** Image-backed grounding data **
= = = =

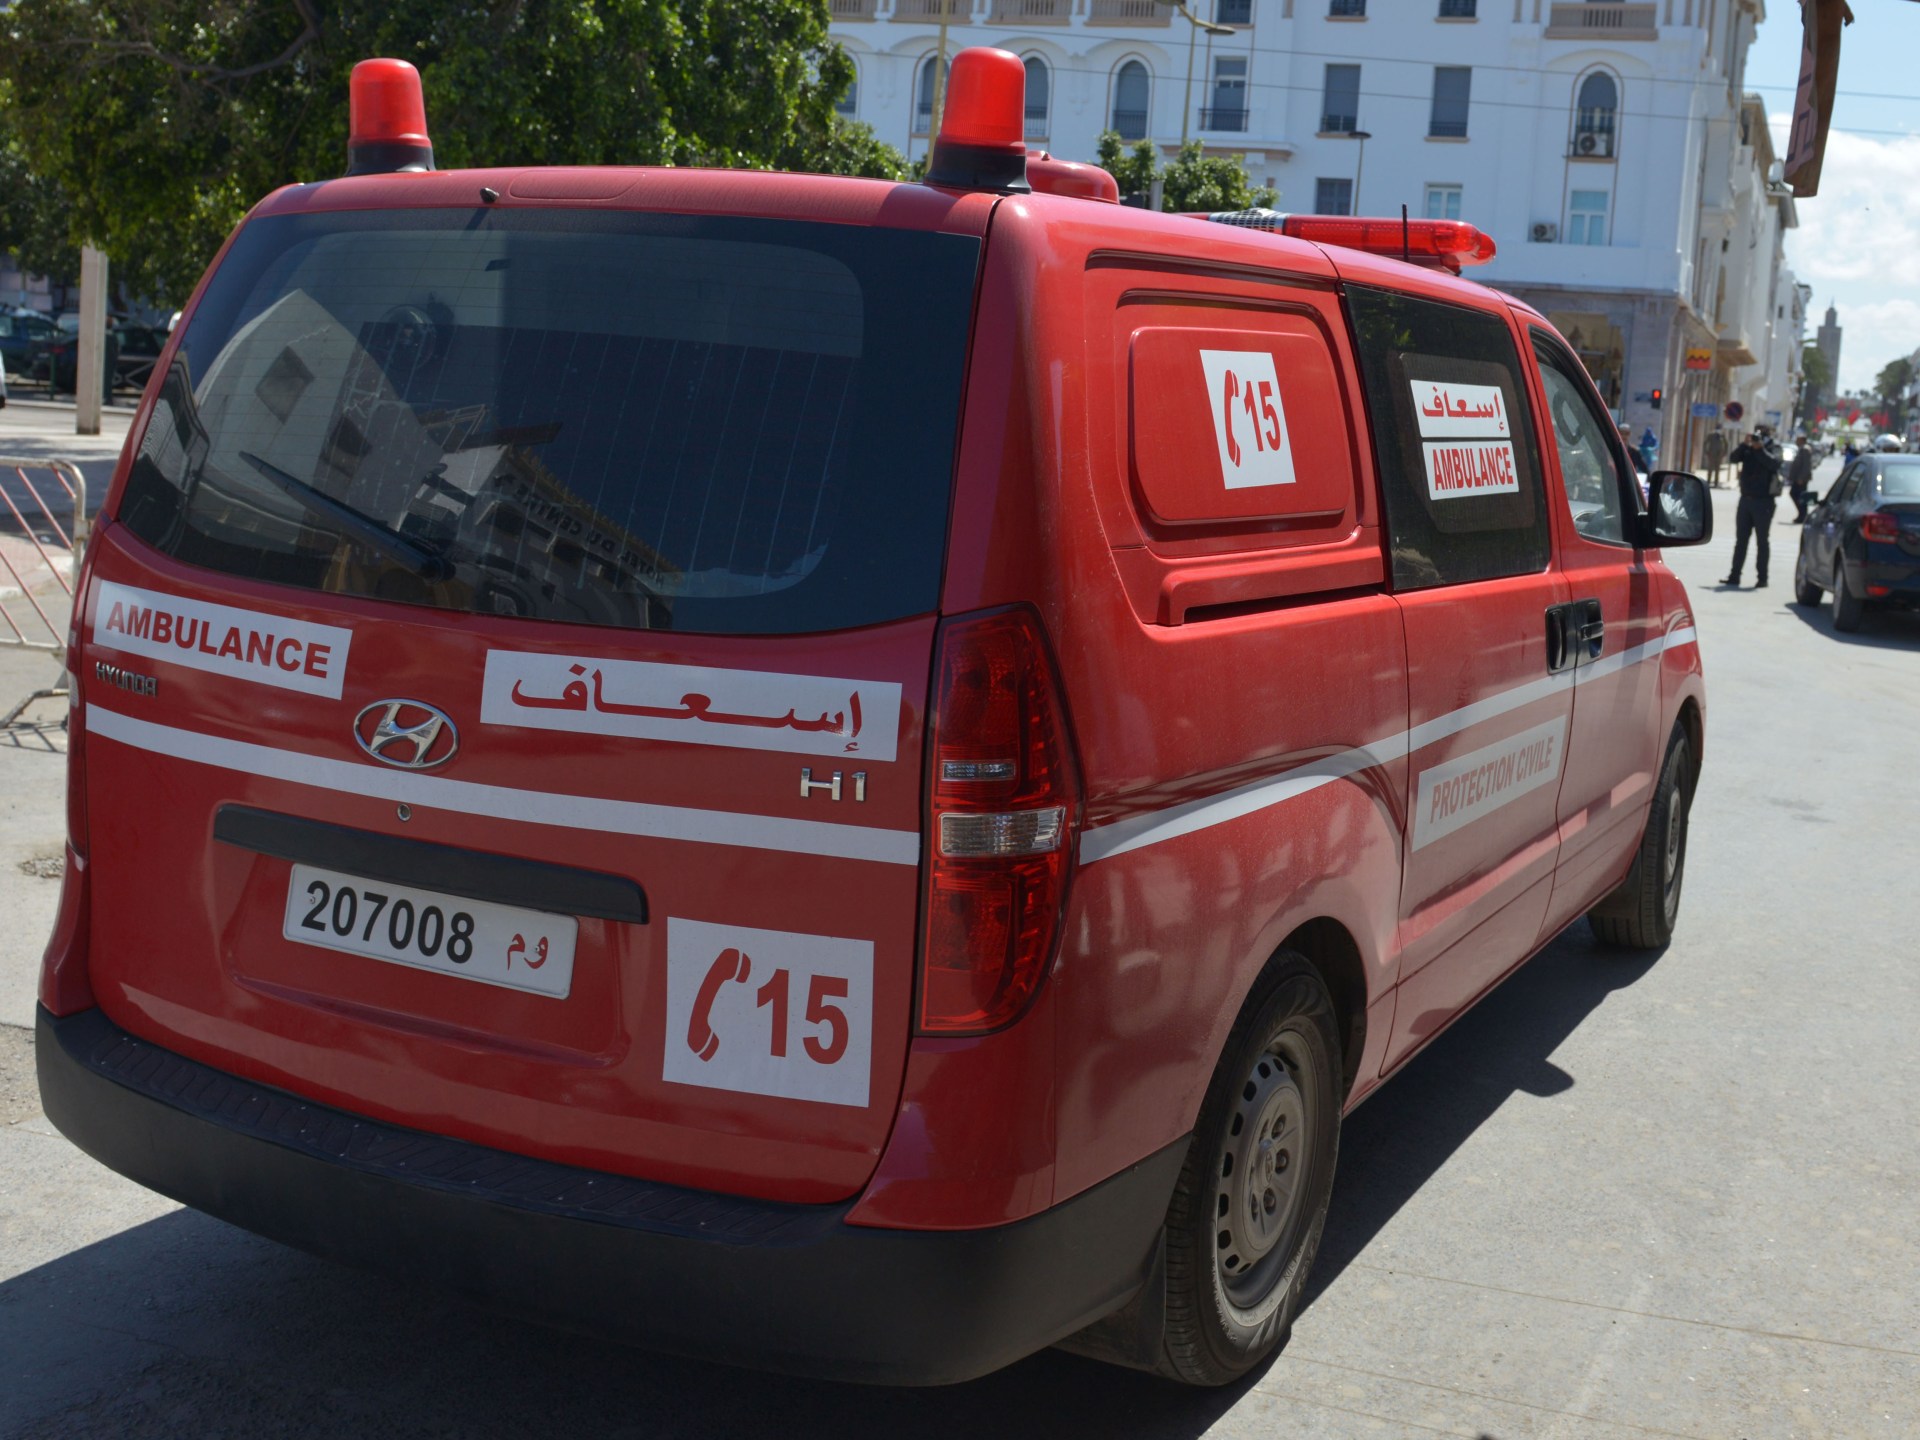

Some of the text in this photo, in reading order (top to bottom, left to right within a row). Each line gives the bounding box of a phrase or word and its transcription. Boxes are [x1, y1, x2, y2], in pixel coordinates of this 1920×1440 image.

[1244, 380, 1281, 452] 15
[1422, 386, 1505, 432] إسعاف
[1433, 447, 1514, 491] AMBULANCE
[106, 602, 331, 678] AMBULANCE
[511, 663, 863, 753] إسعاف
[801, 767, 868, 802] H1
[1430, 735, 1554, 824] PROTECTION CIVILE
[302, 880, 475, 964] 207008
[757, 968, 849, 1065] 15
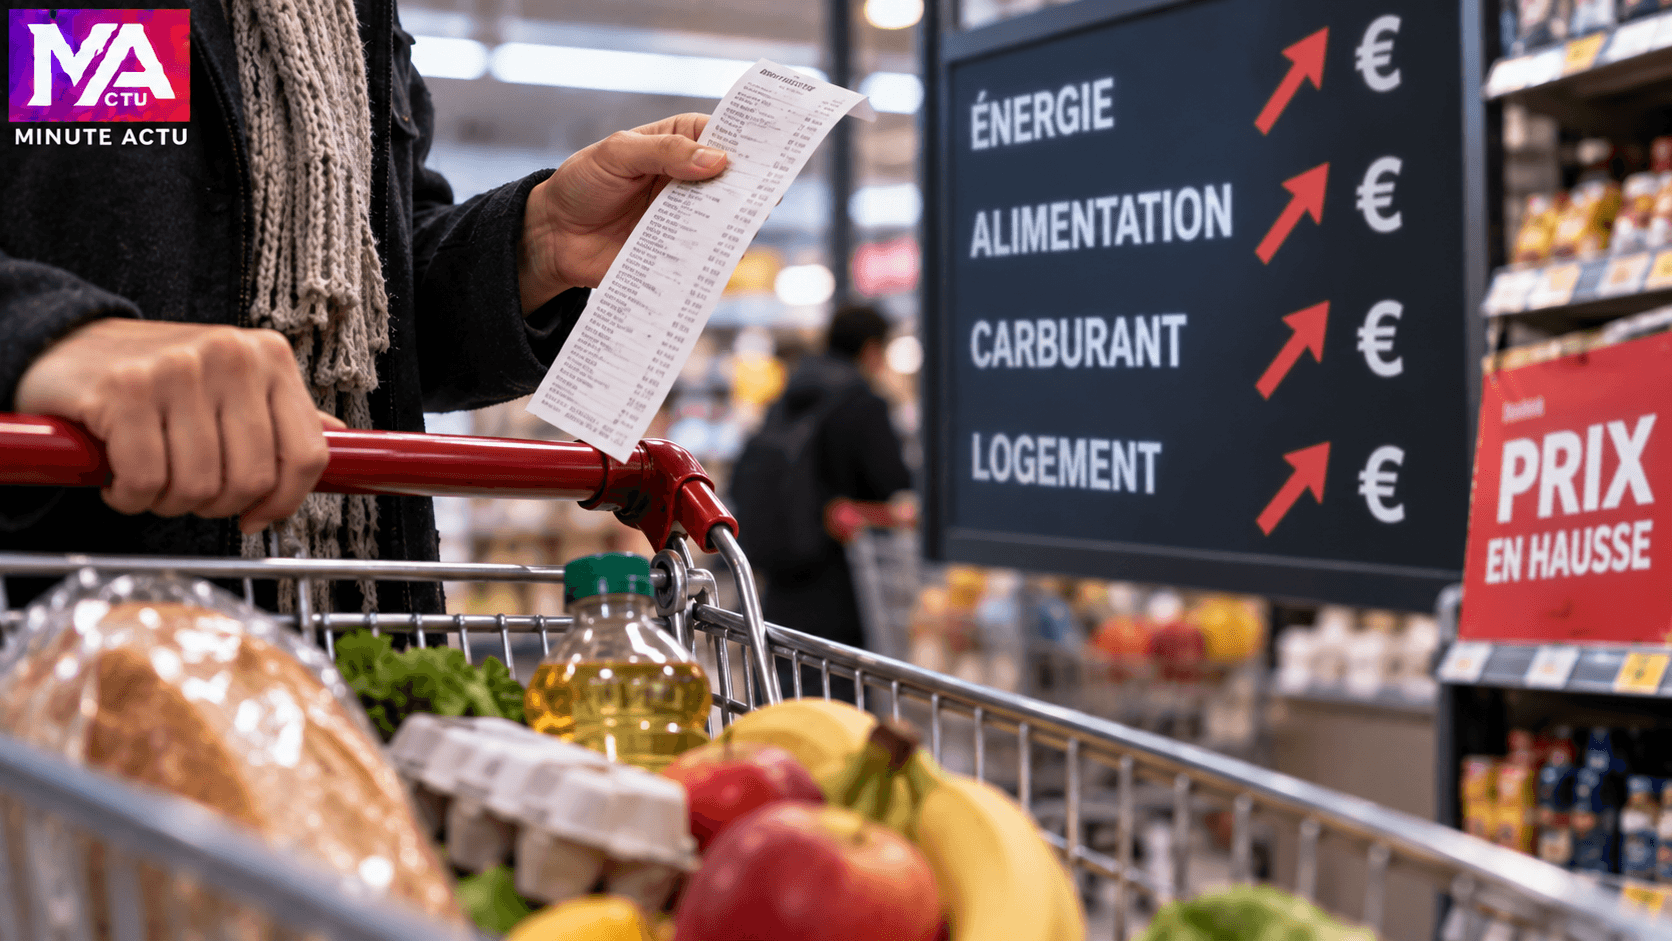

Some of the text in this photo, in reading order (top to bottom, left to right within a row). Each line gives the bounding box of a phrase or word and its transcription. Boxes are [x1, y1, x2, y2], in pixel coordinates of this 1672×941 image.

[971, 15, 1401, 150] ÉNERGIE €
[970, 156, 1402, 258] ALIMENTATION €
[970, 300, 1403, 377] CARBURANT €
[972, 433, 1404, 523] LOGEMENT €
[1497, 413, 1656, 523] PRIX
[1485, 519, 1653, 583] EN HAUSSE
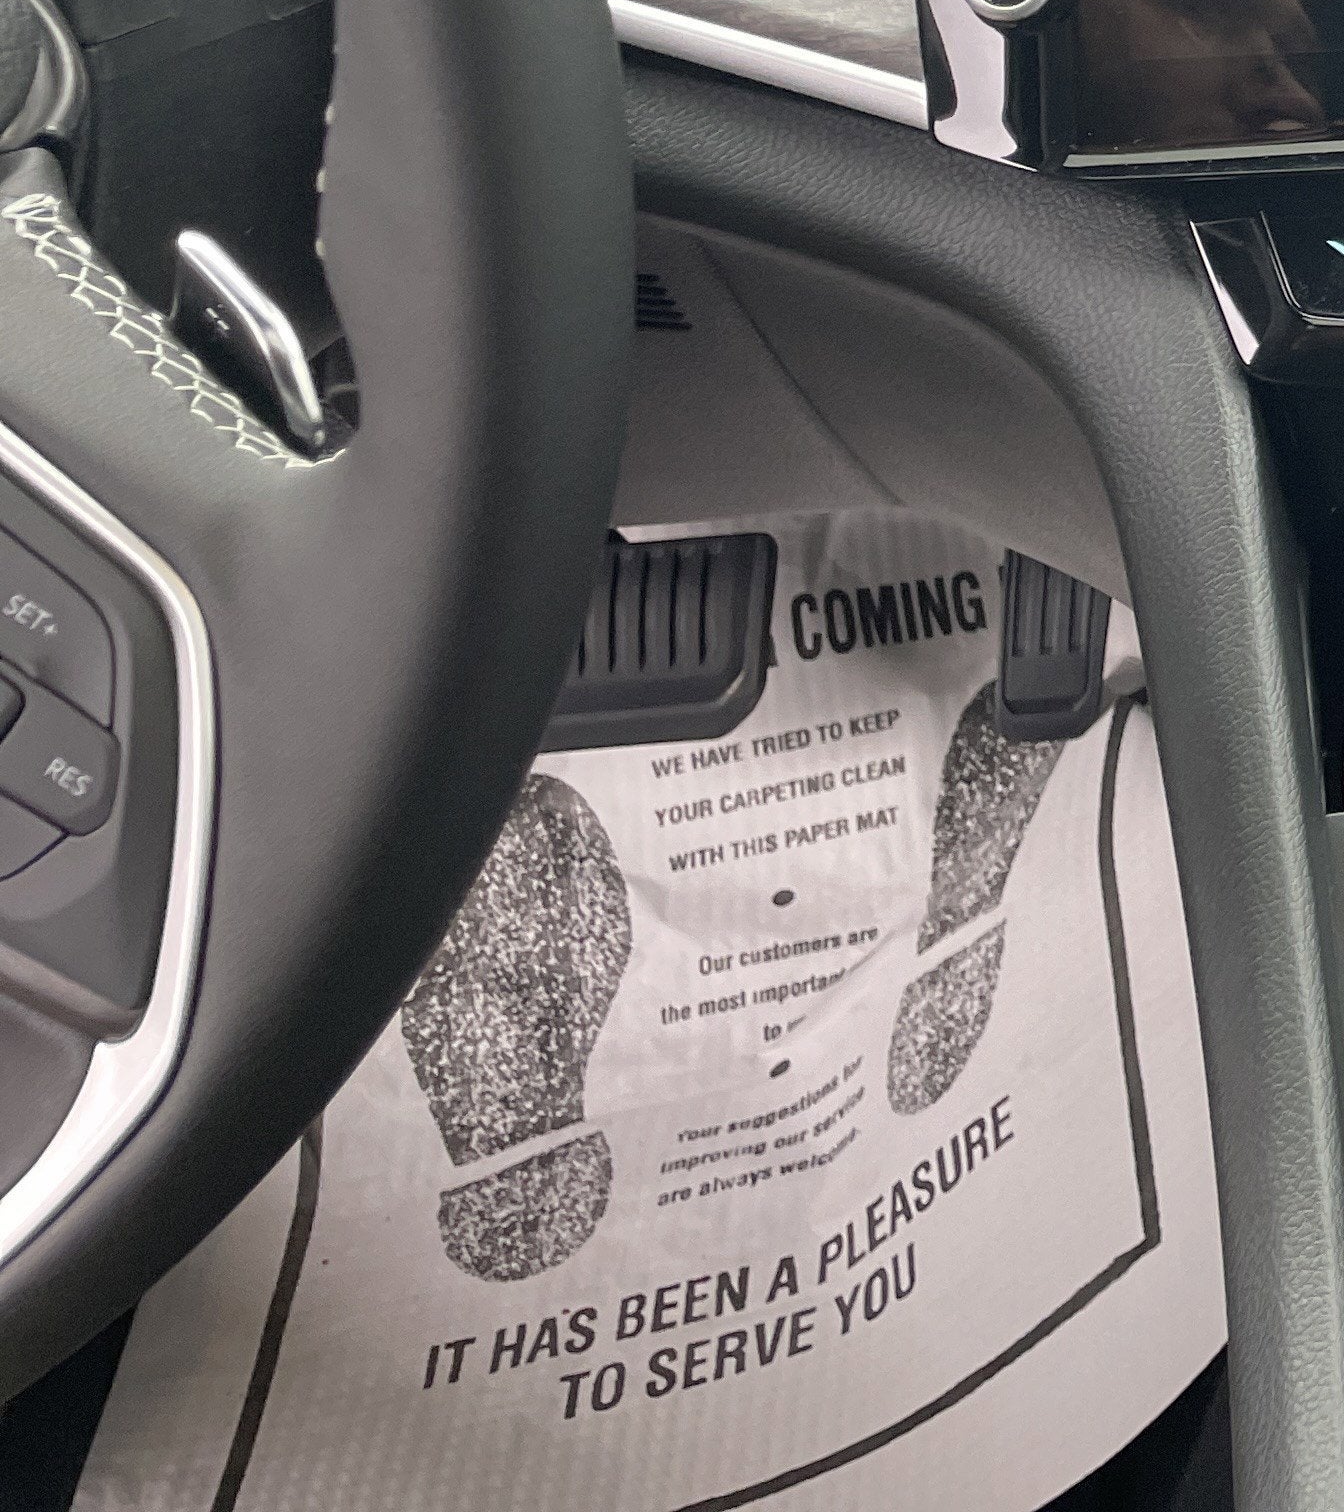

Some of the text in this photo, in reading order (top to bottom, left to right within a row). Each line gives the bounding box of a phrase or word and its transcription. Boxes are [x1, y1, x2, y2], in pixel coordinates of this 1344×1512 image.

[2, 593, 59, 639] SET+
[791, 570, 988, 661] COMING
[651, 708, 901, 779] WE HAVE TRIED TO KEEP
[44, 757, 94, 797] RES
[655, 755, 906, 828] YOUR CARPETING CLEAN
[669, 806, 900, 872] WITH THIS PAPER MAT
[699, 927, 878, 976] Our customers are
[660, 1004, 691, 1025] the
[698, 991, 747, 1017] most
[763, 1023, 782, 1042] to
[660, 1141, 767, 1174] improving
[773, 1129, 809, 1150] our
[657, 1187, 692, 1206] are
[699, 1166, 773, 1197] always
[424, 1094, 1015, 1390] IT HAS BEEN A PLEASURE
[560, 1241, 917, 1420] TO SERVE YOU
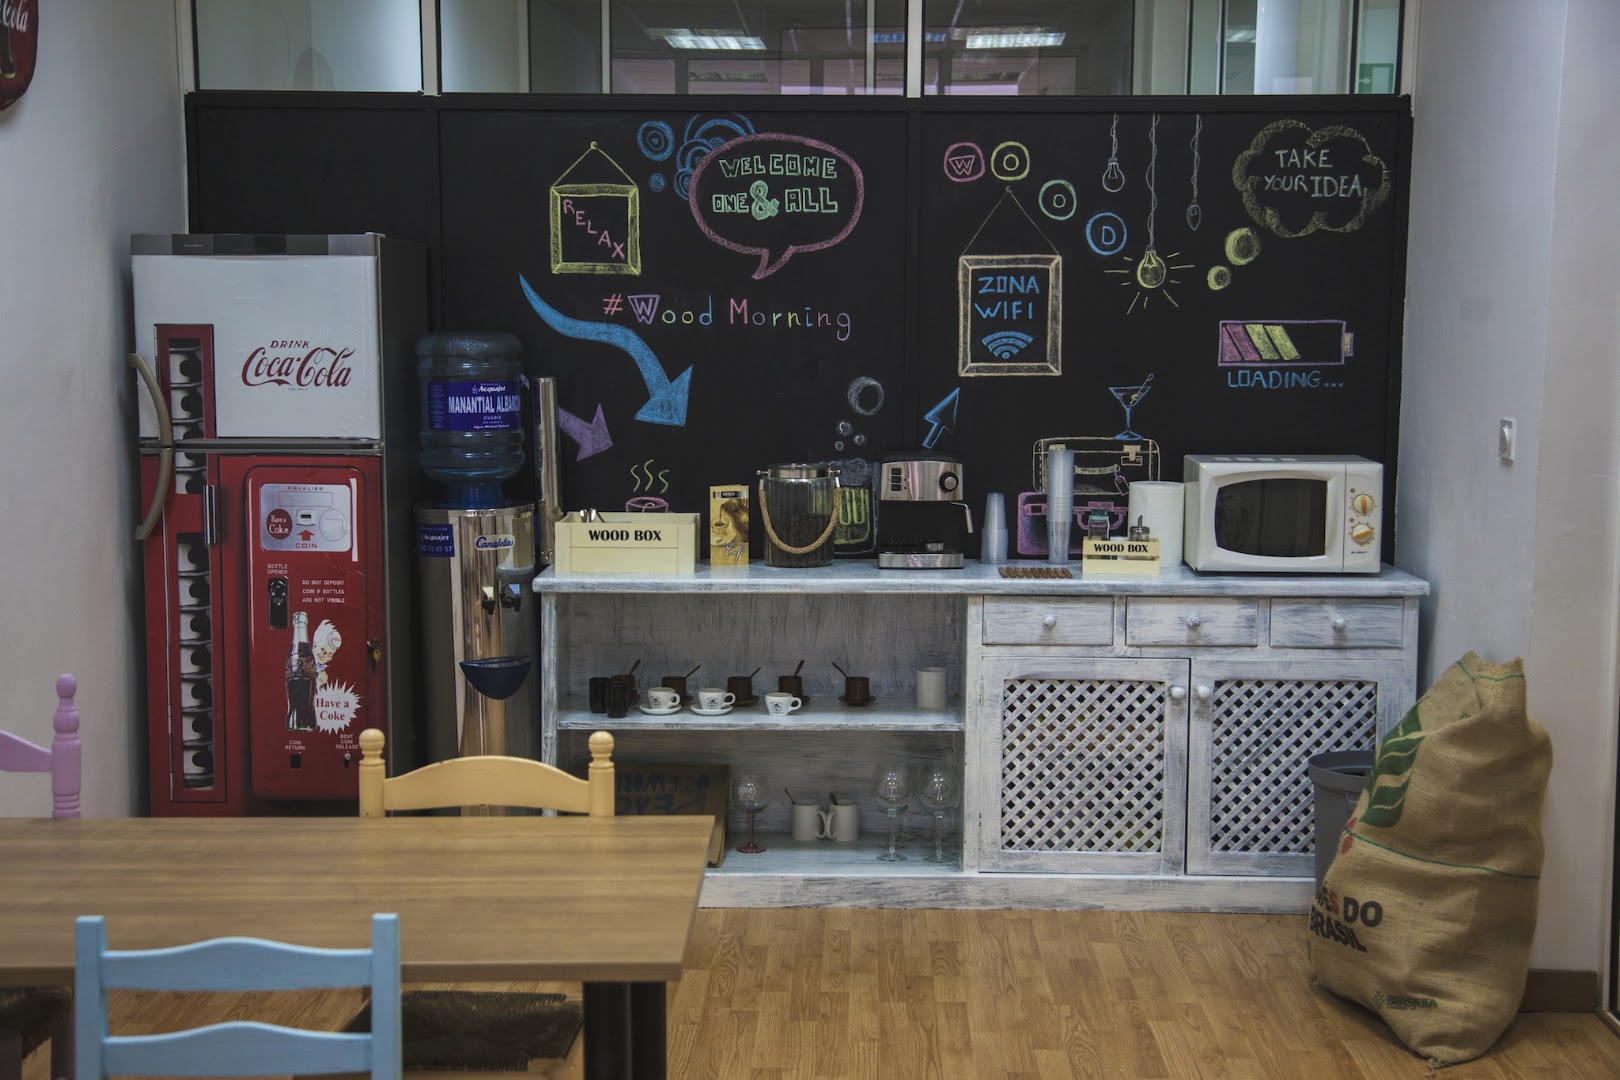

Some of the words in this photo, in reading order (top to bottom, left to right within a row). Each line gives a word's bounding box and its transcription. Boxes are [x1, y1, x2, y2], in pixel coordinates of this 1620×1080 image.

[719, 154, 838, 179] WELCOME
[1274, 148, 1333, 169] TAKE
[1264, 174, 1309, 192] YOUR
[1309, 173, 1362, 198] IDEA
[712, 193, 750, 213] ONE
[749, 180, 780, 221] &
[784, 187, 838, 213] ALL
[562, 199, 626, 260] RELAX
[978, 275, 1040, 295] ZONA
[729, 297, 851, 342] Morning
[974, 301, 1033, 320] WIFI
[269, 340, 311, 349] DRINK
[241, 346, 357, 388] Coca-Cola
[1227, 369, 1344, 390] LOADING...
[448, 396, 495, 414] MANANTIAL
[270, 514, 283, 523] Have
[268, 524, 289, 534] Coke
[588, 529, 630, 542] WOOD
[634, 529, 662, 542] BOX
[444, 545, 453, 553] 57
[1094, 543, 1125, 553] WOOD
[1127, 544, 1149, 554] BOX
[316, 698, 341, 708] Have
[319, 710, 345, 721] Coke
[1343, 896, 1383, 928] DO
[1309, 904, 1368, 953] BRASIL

= = = =

** Prompt **
Type the entries again verbatim. Drop the images.

** Reply **
Some of the text in this photo, in reading order (top to bottom, left to right within a row). Each line gives the bounding box of a phrase or word and its transcription. Boxes are [x1, y1, x2, y2], in pixel coordinates of this 1920×1440 image.

[1244, 380, 1281, 452] 15
[1422, 386, 1505, 432] إسعاف
[1433, 447, 1514, 491] AMBULANCE
[106, 602, 331, 678] AMBULANCE
[511, 663, 863, 753] إسعاف
[801, 767, 868, 802] H1
[1430, 735, 1554, 824] PROTECTION CIVILE
[302, 880, 475, 964] 207008
[757, 968, 849, 1065] 15

Some of the text in this photo, in reading order (top to bottom, left to right within a row). Each line gives the bounding box of a phrase or word and its transcription. Boxes are [x1, y1, x2, y2], in pixel coordinates of this 1672×941 image.

[971, 15, 1401, 150] ÉNERGIE €
[970, 156, 1402, 258] ALIMENTATION €
[970, 300, 1403, 377] CARBURANT €
[972, 433, 1404, 523] LOGEMENT €
[1497, 413, 1656, 523] PRIX
[1485, 519, 1653, 583] EN HAUSSE

Some of the text in this photo, in reading order (top to bottom, left to right within a row). Each line gives the bounding box of a phrase or word and its transcription. Boxes are [x1, y1, x2, y2], in pixel coordinates of this 1344×1512 image.

[2, 593, 59, 639] SET+
[791, 570, 988, 661] COMING
[651, 708, 901, 779] WE HAVE TRIED TO KEEP
[44, 757, 94, 797] RES
[655, 755, 906, 828] YOUR CARPETING CLEAN
[669, 806, 900, 872] WITH THIS PAPER MAT
[699, 927, 878, 976] Our customers are
[660, 1004, 691, 1025] the
[698, 991, 747, 1017] most
[763, 1023, 782, 1042] to
[660, 1141, 767, 1174] improving
[773, 1129, 809, 1150] our
[657, 1187, 692, 1206] are
[699, 1166, 773, 1197] always
[424, 1094, 1015, 1390] IT HAS BEEN A PLEASURE
[560, 1241, 917, 1420] TO SERVE YOU

Some of the words in this photo, in reading order (top to bottom, left to right within a row). Each line gives a word's bounding box and its transcription. Boxes are [x1, y1, x2, y2], in pixel coordinates of this 1620×1080 image.

[719, 154, 838, 179] WELCOME
[1274, 148, 1333, 169] TAKE
[1264, 174, 1309, 192] YOUR
[1309, 173, 1362, 198] IDEA
[712, 193, 750, 213] ONE
[749, 180, 780, 221] &
[784, 187, 838, 213] ALL
[562, 199, 626, 260] RELAX
[978, 275, 1040, 295] ZONA
[729, 297, 851, 342] Morning
[974, 301, 1033, 320] WIFI
[269, 340, 311, 349] DRINK
[241, 346, 357, 388] Coca-Cola
[1227, 369, 1344, 390] LOADING...
[448, 396, 495, 414] MANANTIAL
[270, 514, 283, 523] Have
[268, 524, 289, 534] Coke
[588, 529, 630, 542] WOOD
[634, 529, 662, 542] BOX
[444, 545, 453, 553] 57
[1094, 543, 1125, 553] WOOD
[1127, 544, 1149, 554] BOX
[316, 698, 341, 708] Have
[319, 710, 345, 721] Coke
[1343, 896, 1383, 928] DO
[1309, 904, 1368, 953] BRASIL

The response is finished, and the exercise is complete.